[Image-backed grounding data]
◇ ◇ ◇ ◇

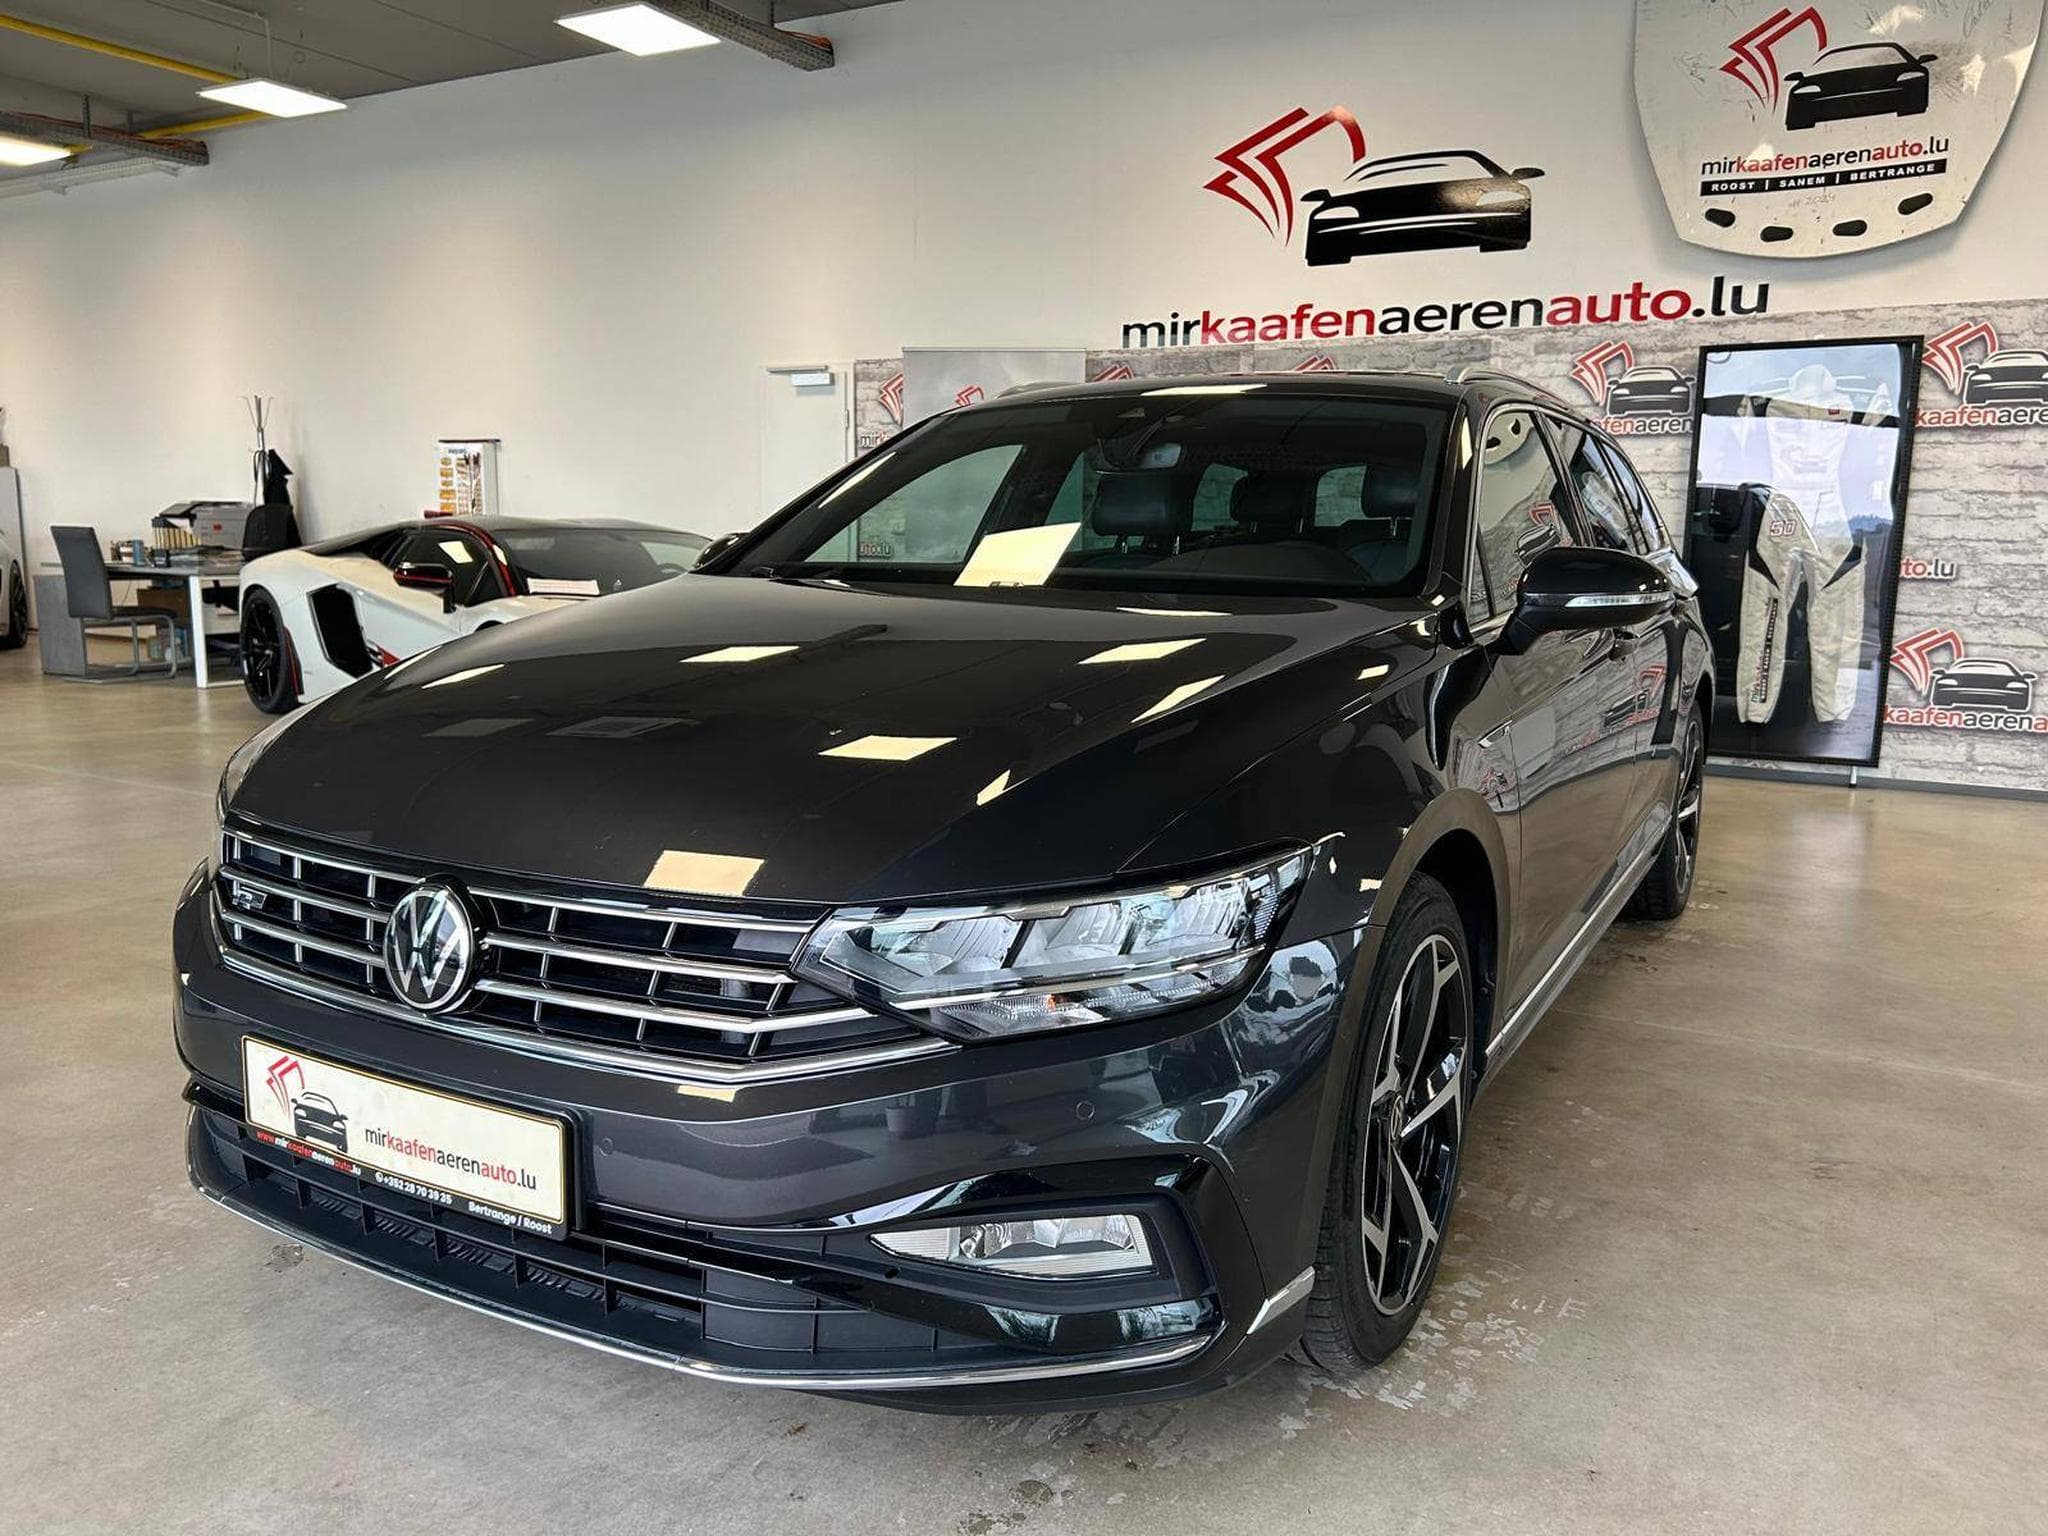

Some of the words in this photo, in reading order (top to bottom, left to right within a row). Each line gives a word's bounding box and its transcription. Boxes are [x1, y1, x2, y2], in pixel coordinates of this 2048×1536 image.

[1700, 136, 1949, 175] mirkaafenaerenauto.lu
[1711, 181, 1755, 192] ROOST
[1779, 176, 1826, 188] SANEM
[1850, 163, 1936, 181] BERTRANGE
[1121, 275, 1769, 349] mirkaafenaerenauto.lu
[365, 1127, 537, 1190] mirkaafenaerenauto.lu
[468, 1201, 517, 1226] Bertrange
[523, 1217, 552, 1235] Roost

◇ ◇ ◇ ◇

→ **AIM OF THE EXERCISE**:
Transcribe every line in the entries above, taking out only the images.

→ **EXERCISE OUTPUT**:
Some of the words in this photo, in reading order (top to bottom, left to right within a row). Each line gives a word's bounding box and its transcription. Boxes are [x1, y1, x2, y2], in pixel coordinates of this 2048×1536 image.

[1700, 136, 1949, 175] mirkaafenaerenauto.lu
[1711, 181, 1755, 192] ROOST
[1779, 176, 1826, 188] SANEM
[1850, 163, 1936, 181] BERTRANGE
[1121, 275, 1769, 349] mirkaafenaerenauto.lu
[365, 1127, 537, 1190] mirkaafenaerenauto.lu
[468, 1201, 517, 1226] Bertrange
[523, 1217, 552, 1235] Roost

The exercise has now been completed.